While the entire N.H. congressional delegation has thus far unsuccessfully pushed for my being included in the task force to study a full-service medical center, a former problematic medical center director who left Manchester will be included in the process. The consternation expressed over this and the ensuing debate has led to delays in empaneling this task force. Attempts have been made to expedite care, including the signing of an agreement with Catholic Medical Center. Even the governor has gotten involved by signing an executive order to reduce the time required for VA physicians to obtain a N.H. medical license. VA employees do not need to have an in-state license to treat VA patients at a VA facility.

Last Wednesday, Dr. Michael Mayo-Smith, the network director, began holding stakeholder meetings detailing the path forward. He emphasized that the time for fault finding has past. It is time to start solving problems. He detailed broad categories of problems that needs to be addressed.

One of the areas mentioned was bureaucracy. On this the whistleblowers are in complete agreement with him. The old hidebound bureaucratic thinking that got the VA to where it is now just won’t suffice. Problems must be addressed in a new, innovative manner.

Bureaucracy seemed to be a thread that ran through all the categories he listed for improvement.

Rebuilding leadership was a category that went beyond filling the aforementioned leadership openings. It included creating a “Care in the Community” coordinator position. This has been a position touted by Montoya for addressing the issues with Choice.

Fixing Choice was a category unto itself. In our meetings with the congressional delegation the problems created with the hasty passage of Choice legislation were well known. New legislation is coming. Perhaps this time a better bill will be crafted. It is my view that Choice cannot be fixed. Veterans would be better served by directing the money into the new Care in the Community office. Healthnet, the company that is responsible for so much of the misery created with the Choice program, should be abolished.

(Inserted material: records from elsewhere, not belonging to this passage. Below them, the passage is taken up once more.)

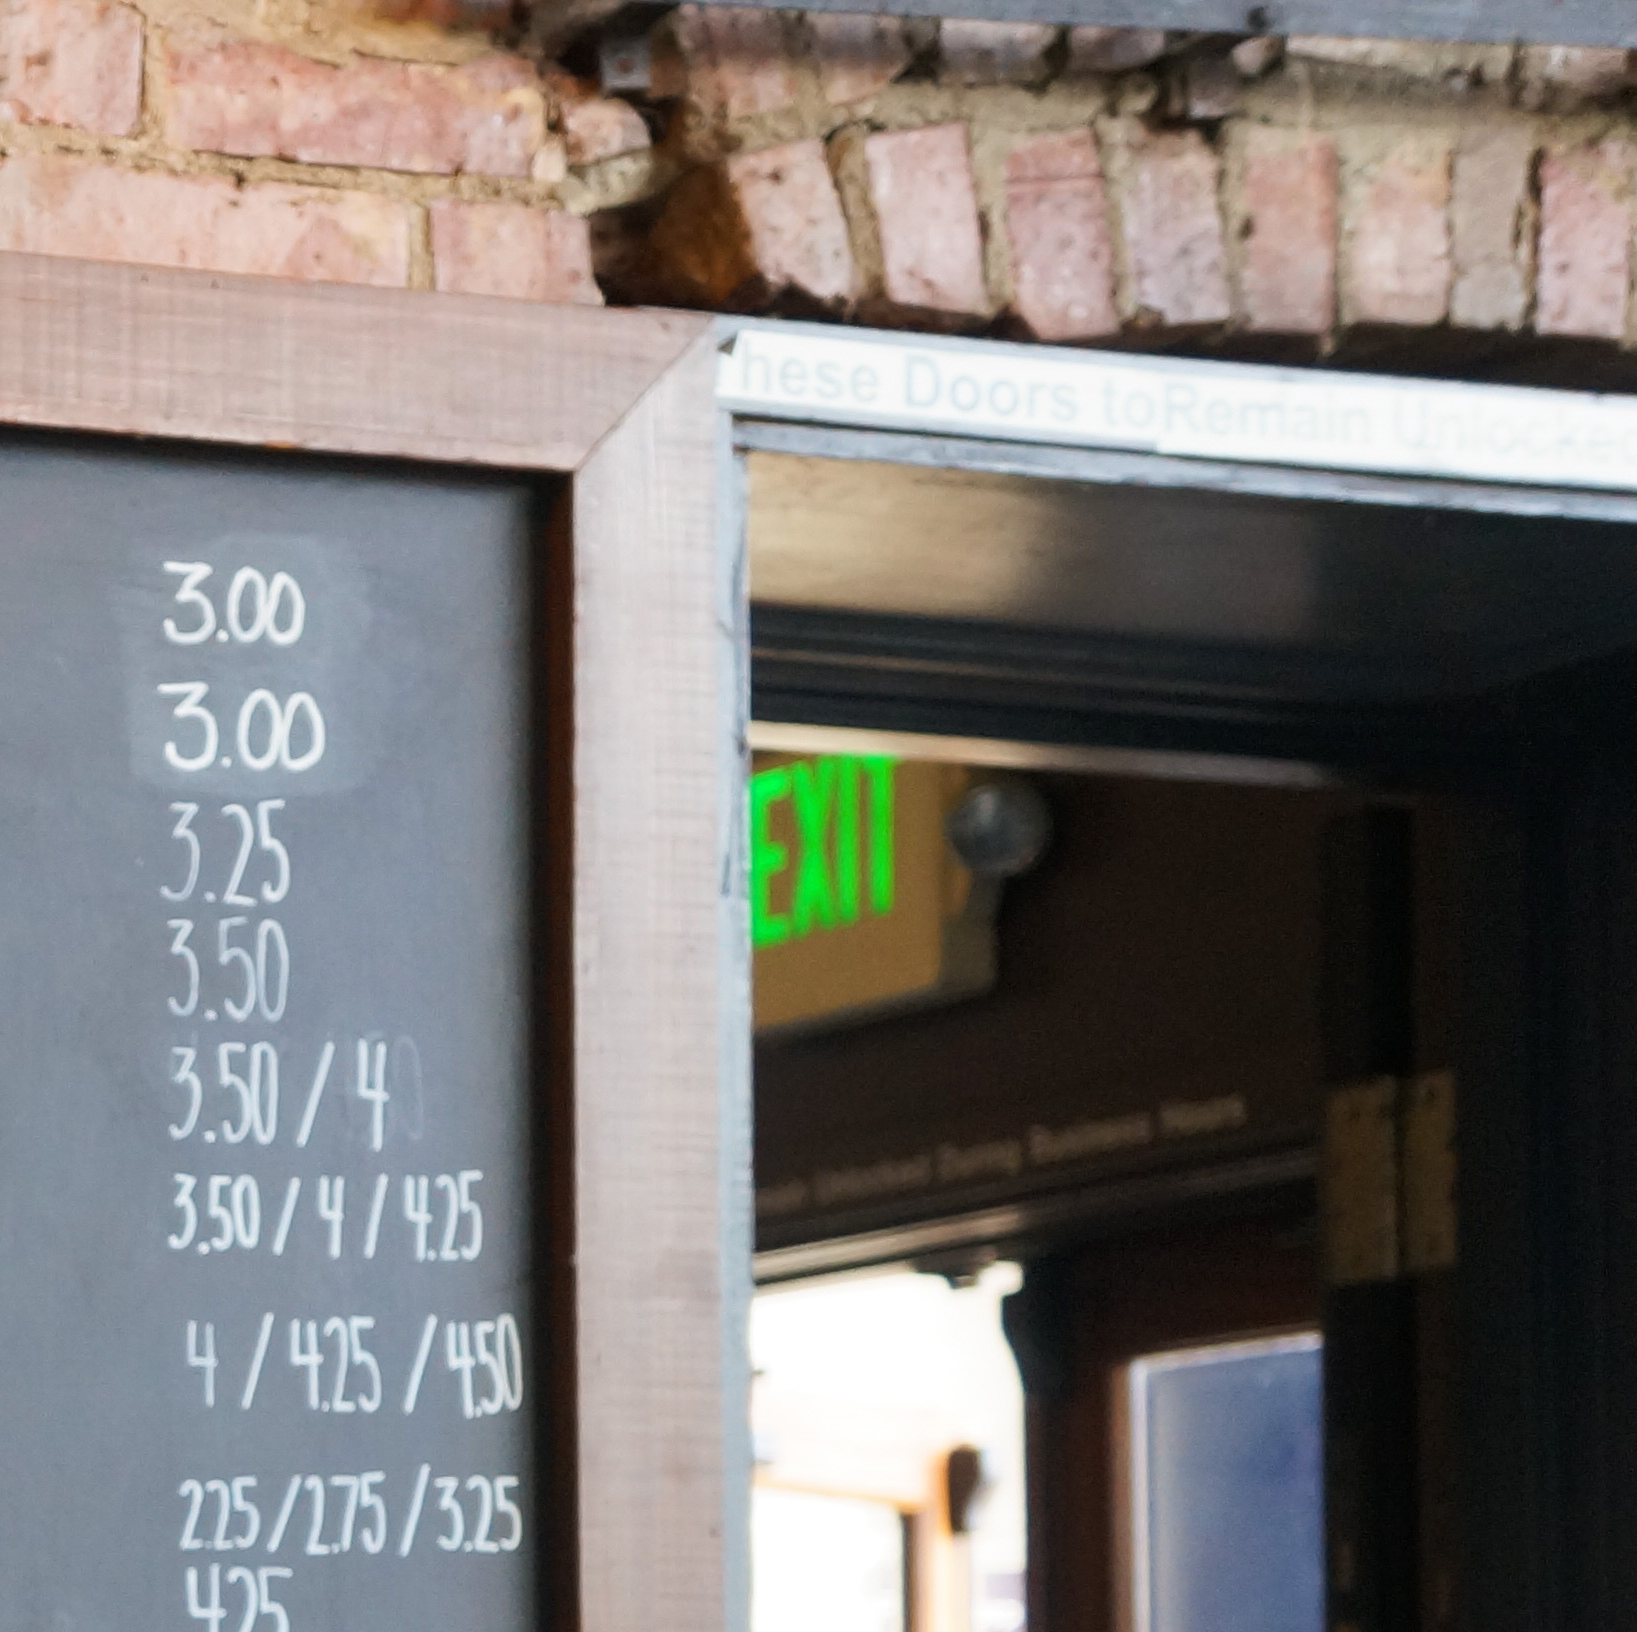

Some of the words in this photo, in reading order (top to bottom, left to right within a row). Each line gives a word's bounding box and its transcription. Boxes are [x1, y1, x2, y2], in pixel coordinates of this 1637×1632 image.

[742, 338, 880, 403] hese
[905, 353, 1079, 424] Doors
[163, 561, 306, 646] 3.00
[156, 681, 325, 772] 3.00
[159, 797, 291, 907] 3.25
[750, 752, 901, 950] EXIT
[166, 916, 290, 1023] 3.50
[168, 1040, 278, 1145] 3.50
[356, 1037, 389, 1152] 4
[167, 1172, 261, 1256] 3.50
[404, 1169, 483, 1262] 4.25
[289, 1315, 382, 1413] 4.25
[445, 1312, 523, 1419] 4.50

Dr. Mayo-Smith discussed restoring the cardiology program to its previous levels. He also discussed adding new primary care teams. No one could disagree with either of these efforts. Hiring a second suicide prevention coordinator was also discussed, although many feel this alone will not impact the tragedy of veteran suicide.

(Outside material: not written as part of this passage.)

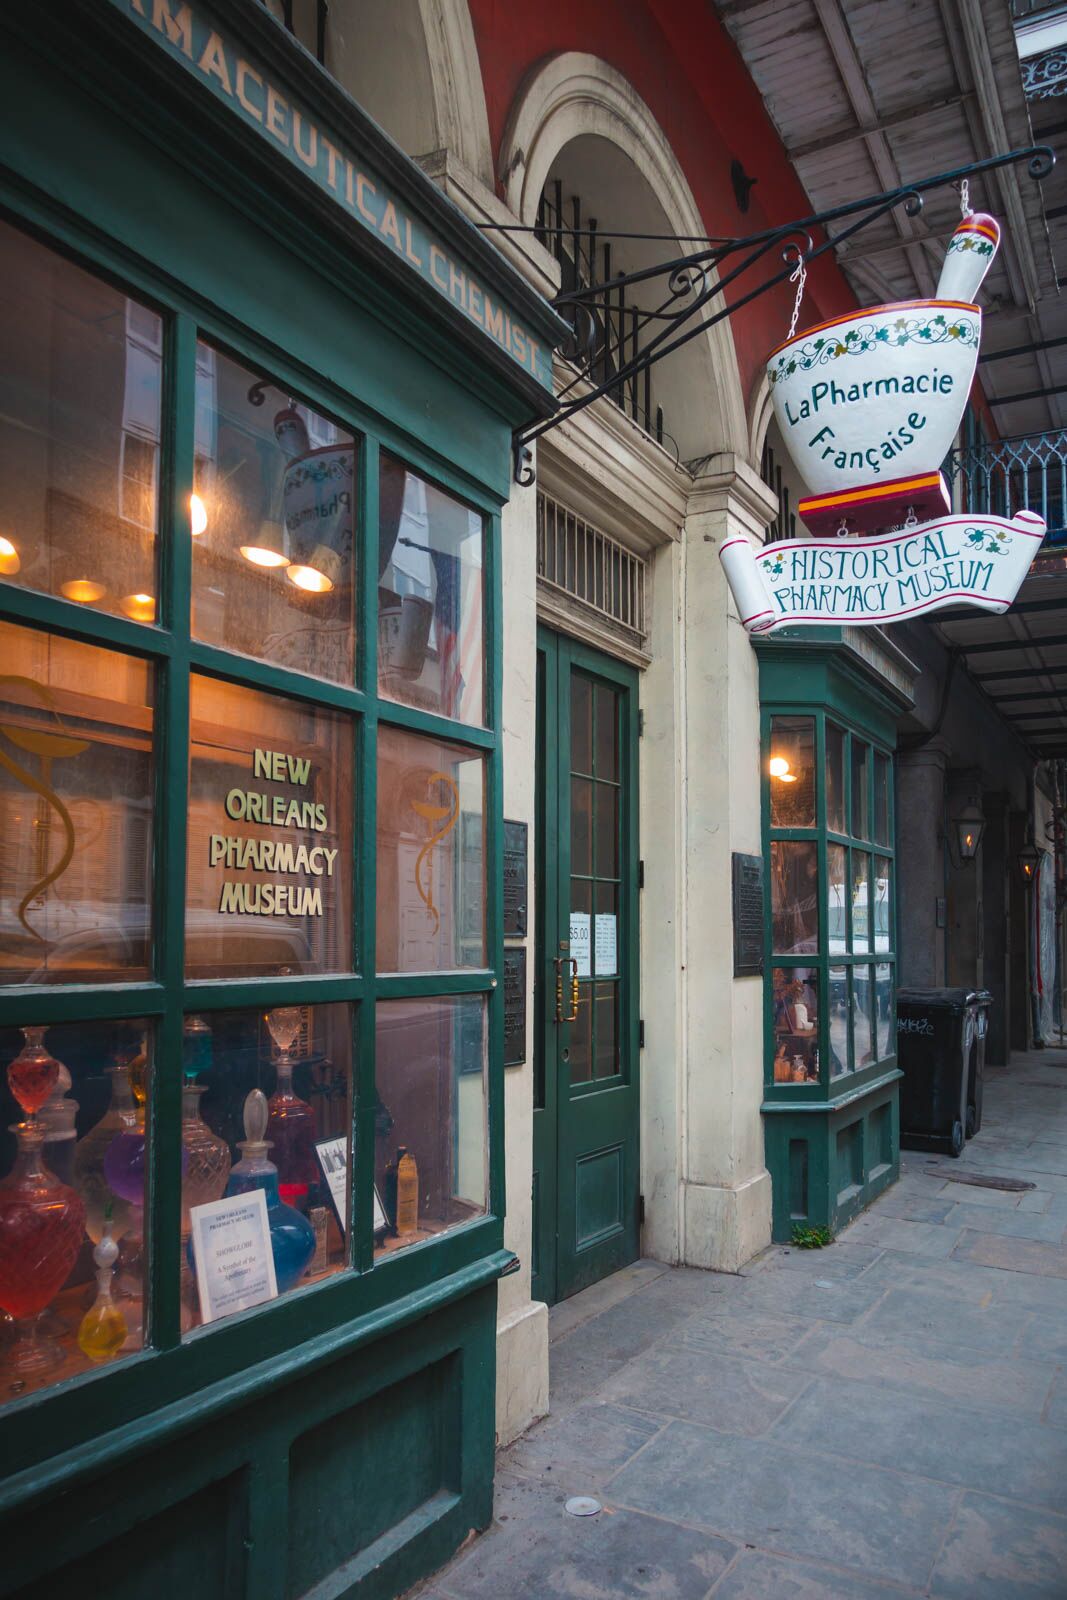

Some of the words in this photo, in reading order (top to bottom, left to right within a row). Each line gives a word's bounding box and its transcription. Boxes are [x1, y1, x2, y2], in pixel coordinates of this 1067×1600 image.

A discussion of the Full Service Hospital Task Force was included under the moniker of “Designing the Future.” It was stated that it was unlikely a new building would be built to replace the old dilapidated main building. Dr. Mayo-Smith acknowledged that these old buildings are often cheaper to replace than to keep repairing over and over again. The incremental spending may at some point equal the cost of rebuilding. This was echoed in our meetings with Congress. The VA must prove it is able to replace aging infrastructure in an efficient manner. It is believed in many circles that the VA lacks the resolve to build another medical center due to its long string of failures in its recent efforts.

Implementation has long been the VA’s Achilles heel. My colleague Dr. Ed Kois is a champion of making the Manchester VA a model for the delivery of 21st-century medical care for veterans. Unless the VA can demonstrate a renewed ability to replace its outmoded infrastructure, the new model is likely to be privatization. This is not the model that either Dr. Kois or myself envision.

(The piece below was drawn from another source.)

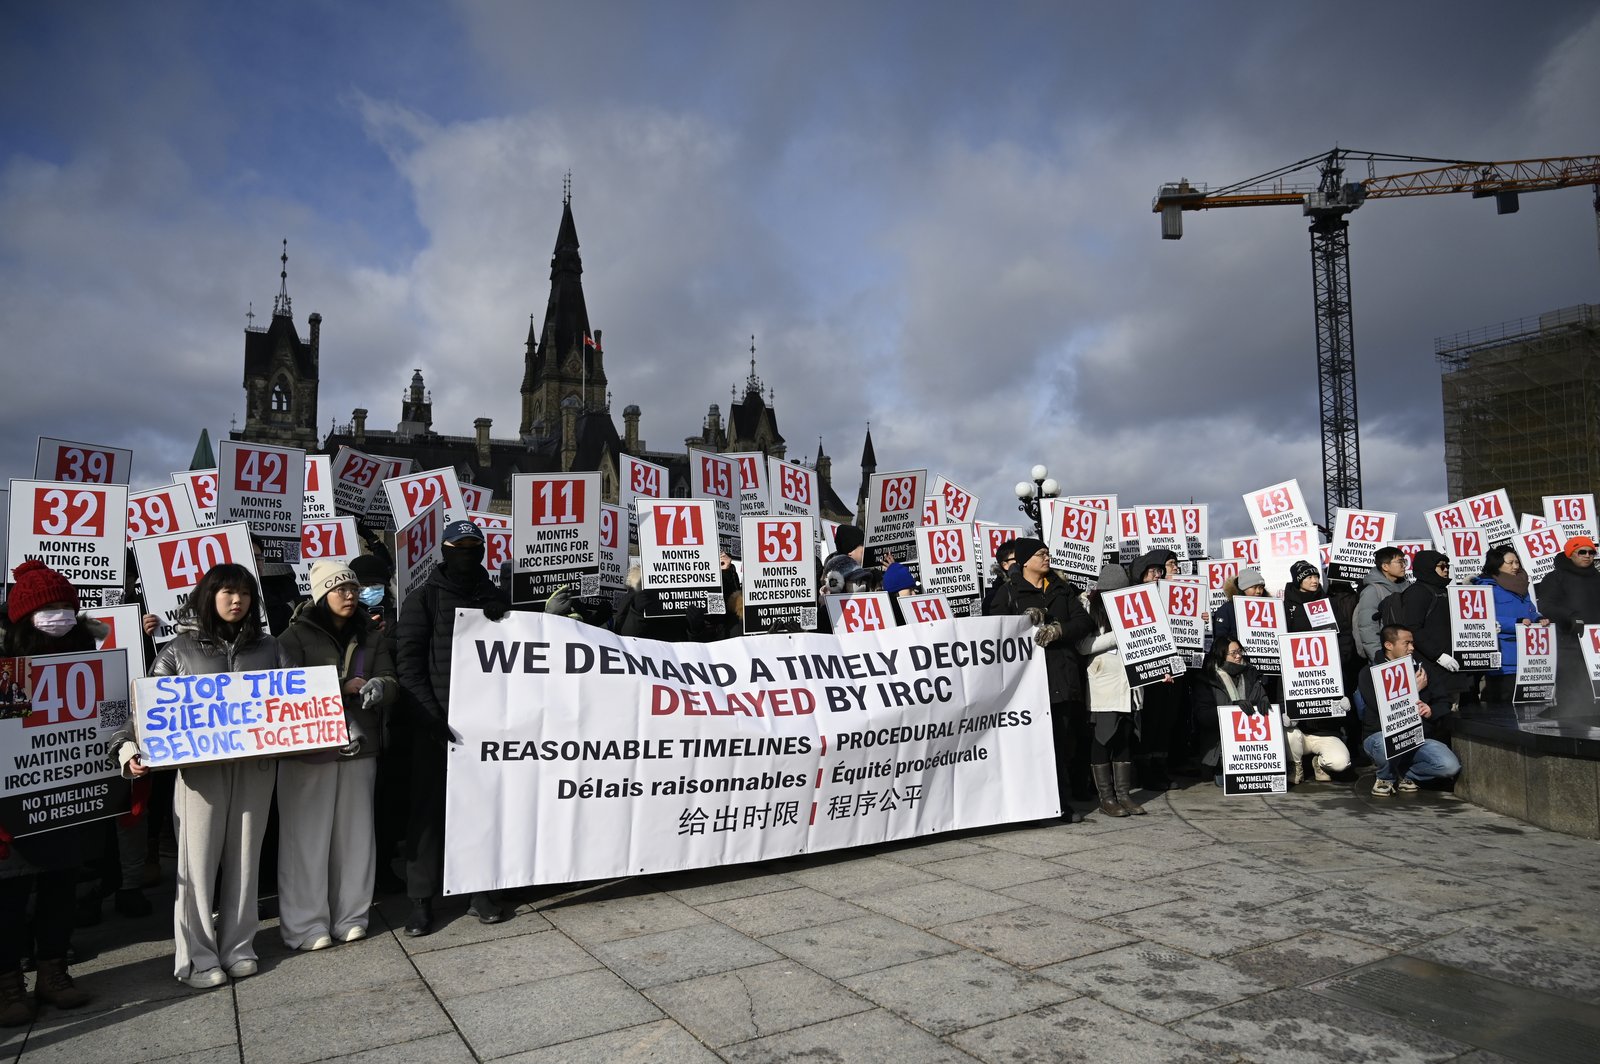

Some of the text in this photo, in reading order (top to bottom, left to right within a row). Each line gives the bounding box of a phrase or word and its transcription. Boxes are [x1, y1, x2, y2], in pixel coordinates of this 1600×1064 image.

Hopefully, with continued efforts, the unique opportunity for improvement that is present at the Manchester VA won’t be wasted. The coming weeks may show that this past week was a turning point. Let’s all hope it’s turning in the right direction.

(Stewart Levenson is a rheumatologist who advanced to become the chairman of the medicine department at the VA in Manchester. Three years ago, he was named medical director of the New England VA network. He lives in Hopkinton.)